Als einer der Vorreiter des aktuellen Hype-Themas Fintech (Finanz-Technologie) will er auch zukünftig den Finanzmarkt aufmischen.
- Sebastian, Du hast eines der derzeit heißesten Start-Ups in Hamburg gegründet. Was ist der Grundgedanke hinter Kreditech?
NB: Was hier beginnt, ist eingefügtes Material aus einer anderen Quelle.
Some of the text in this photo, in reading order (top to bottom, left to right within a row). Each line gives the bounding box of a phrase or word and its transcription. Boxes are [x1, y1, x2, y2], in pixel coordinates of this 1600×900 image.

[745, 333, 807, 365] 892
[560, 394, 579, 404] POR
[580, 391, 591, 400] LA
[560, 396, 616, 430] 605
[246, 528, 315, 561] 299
- Kreditech ist ein Unternehmen, das sich auf die Fahnen geschrieben hat, Banken zu digitalisieren, und zwar weltweit. Wir sind der Meinung, dass die Digitalisierung, wie sie in den letzten Jahren in so vielen Bereichen des Lebens aufgetreten ist, auch den Bankensektor enorm verbessern kann. Wir haben in der Musikbranche gesehen, dass man nicht mehr in den CD-Laden gehen muss, sondern sich heutzutage über das Smartphone Lieder kaufen und anhören kann; dass man sein Privatleben mit Dating-Anbietern wie z.B. Tinder digital ändern kann; dass Zeitungen von Print auf elektronische Formate umstellen. Insbesondere haben wir im E-Commerce gesehen, dass wir uns nicht mehr in lange Schlangen stellen müssen, denn heutzutage bestellt man sich an der roten Ampel mit zwei Klicks ein neues Paar Hosen, digital.
- Aber es geht nicht nur um Online-Banking?
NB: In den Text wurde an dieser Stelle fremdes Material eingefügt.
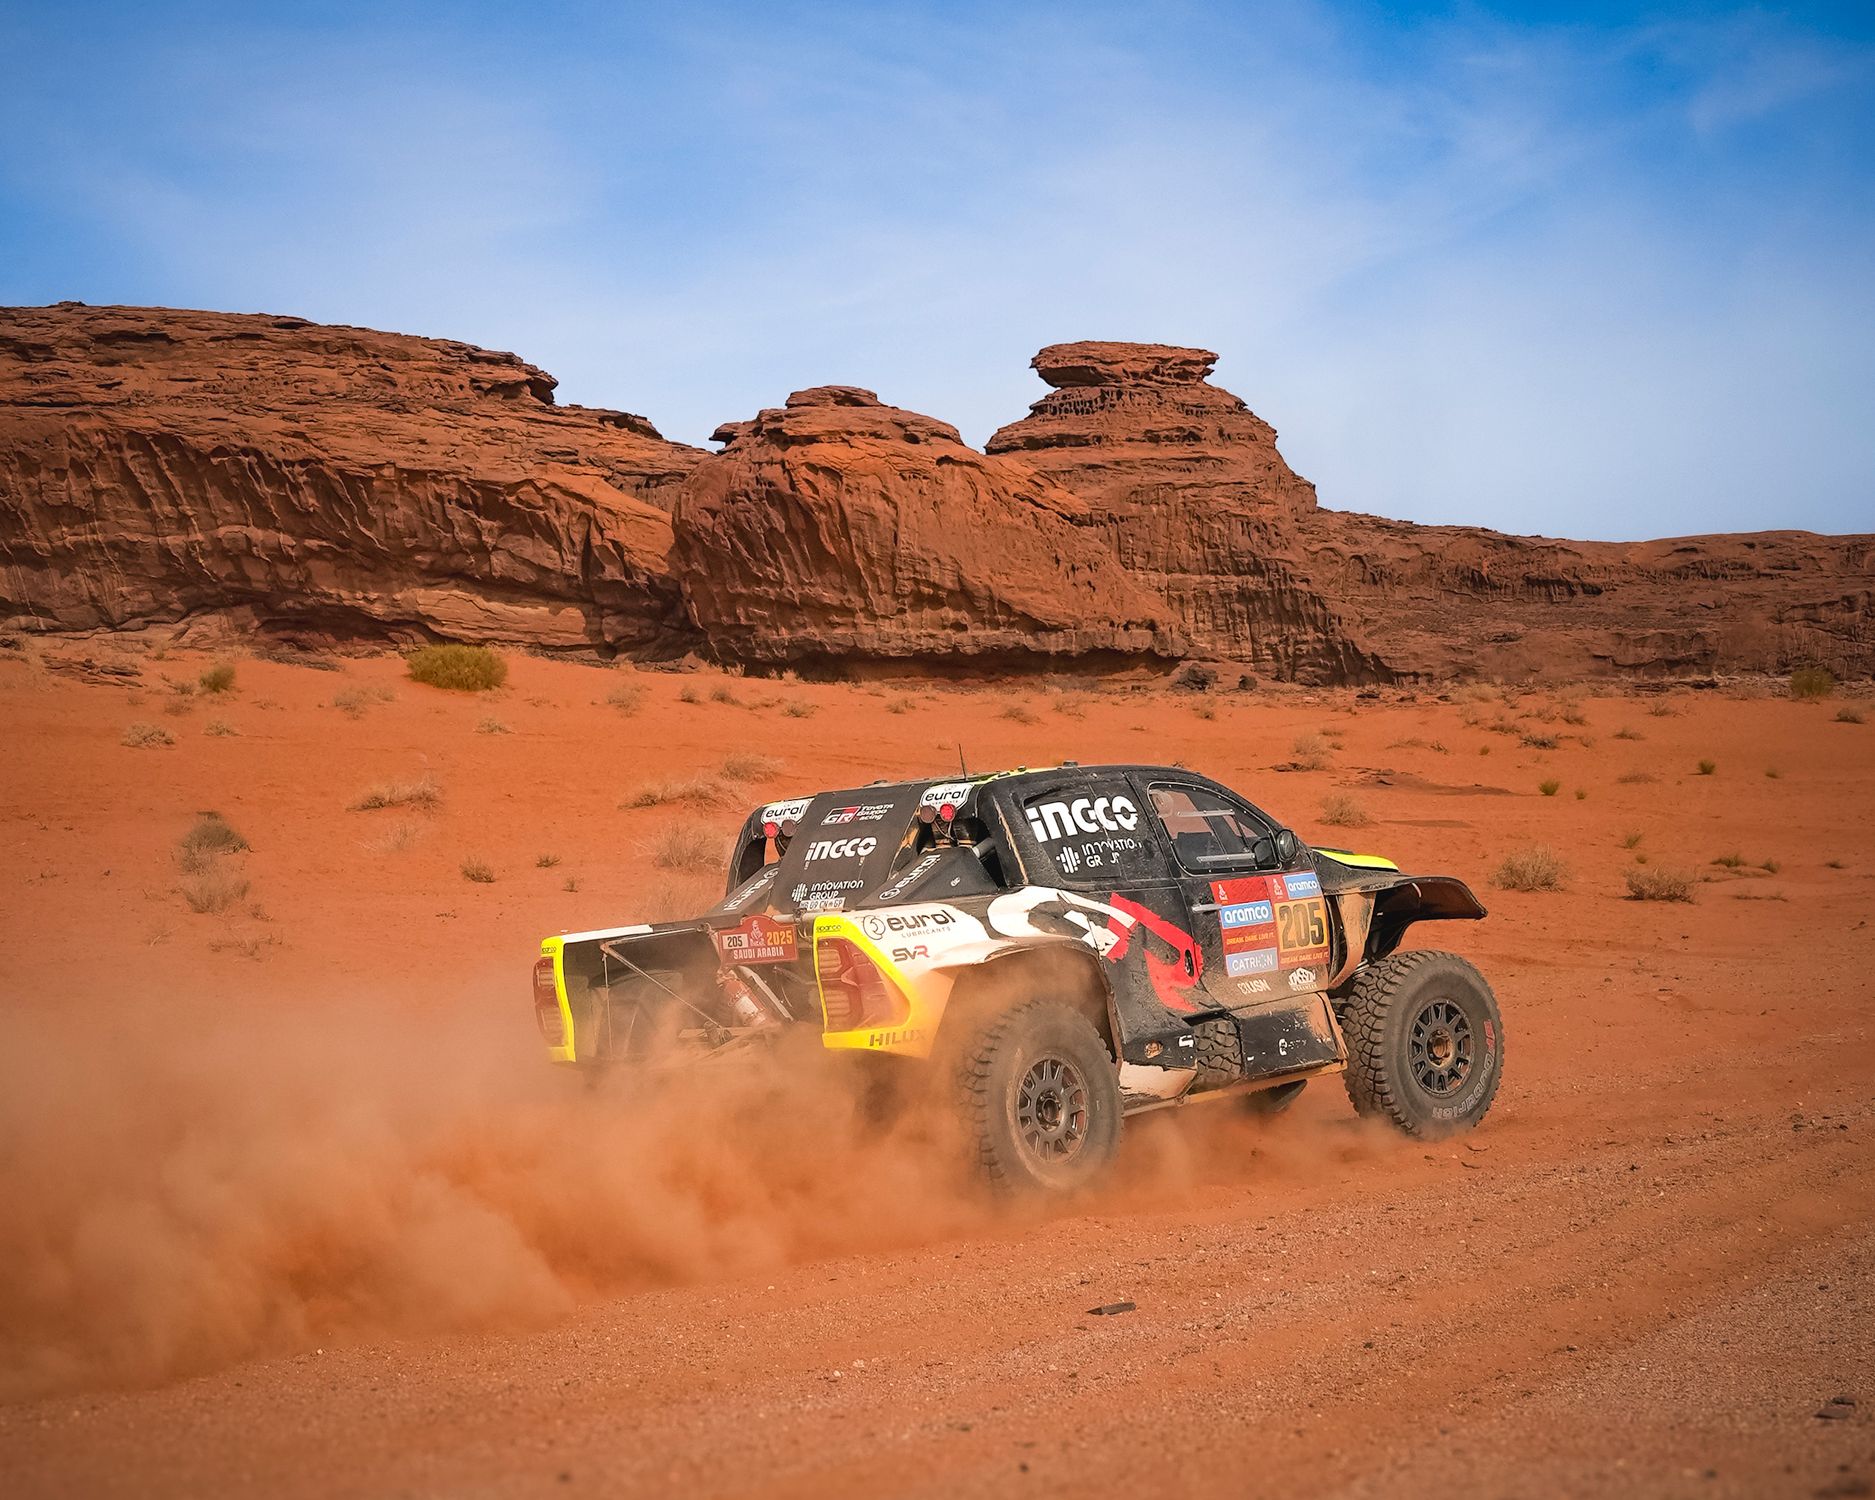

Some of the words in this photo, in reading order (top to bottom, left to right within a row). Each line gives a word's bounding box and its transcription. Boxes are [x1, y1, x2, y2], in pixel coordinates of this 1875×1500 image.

- Nun, auch. Man geht noch immer in die Bank und zieht aus einer riesigen Maschine ein Stück Papier, auf dem steht, wofür man Geld ausgibt. Man stellt sich noch in eine Schlange und schaut dann einem schlecht gelaunten Mitarbeiter dabei zu, wie er Daten in den PC tippt – um nach zwei Wochen einen Papierstapel zugeschickt zu bekommen, den man ausfüllen und wieder zurückschicken muss. Was in den anderen Branchen gerade so erfolgreich passiert, lässt sich auch auf den Banking-Bereich übertragen, damit das Ganze wesentlich einfacher und kundenfreundlicher wird. All diese Digitalisierungen haben den Bankensektor noch nicht wirklich erfasst – und Kreditech möchte das ändern.
- Und dabei kümmert ihr euch vor allem um einen bestimmten Aspekt, richtig?
- Ja, es geht stets um die Kreditwürdigkeit des Kunden, den sogenannten Credit Score. Unsere Vorgehensweise ist dabei recht unorthodox. Alexander, mein Mitgründer, und ich haben nie in einer Bank gearbeitet und hatten somit kein belastendes Gedankengut in uns. Uns war von Beginn an klar, dass ein wesentlicher Grund dafür, dass Banken so kundenunfreundlich sind, der Credit Score ist – und zwar, weil er für den Großteil der Weltbevölkerung überhaupt nicht vorliegt. In Deutschland errechnet z.B. die Schufa diese statistische Rückzahlwahrscheinlichkeit für Kredite. Weltweit jedoch haben vier Milliarden Menschen überhaupt keinen Credit Score. Wir haben eine Technologie entwickelt, die es ermöglicht, diesen herkömmlichen Credit Score durch Daten, die Menschen im Internet hinterlassen, zu ersetzen: Seien es Facebook-Freunde, Locations, hochgeladene Bilder, besuchte Webseiten – alles, was man online über eine Privatperson finden kann, wird hierbei verwendet.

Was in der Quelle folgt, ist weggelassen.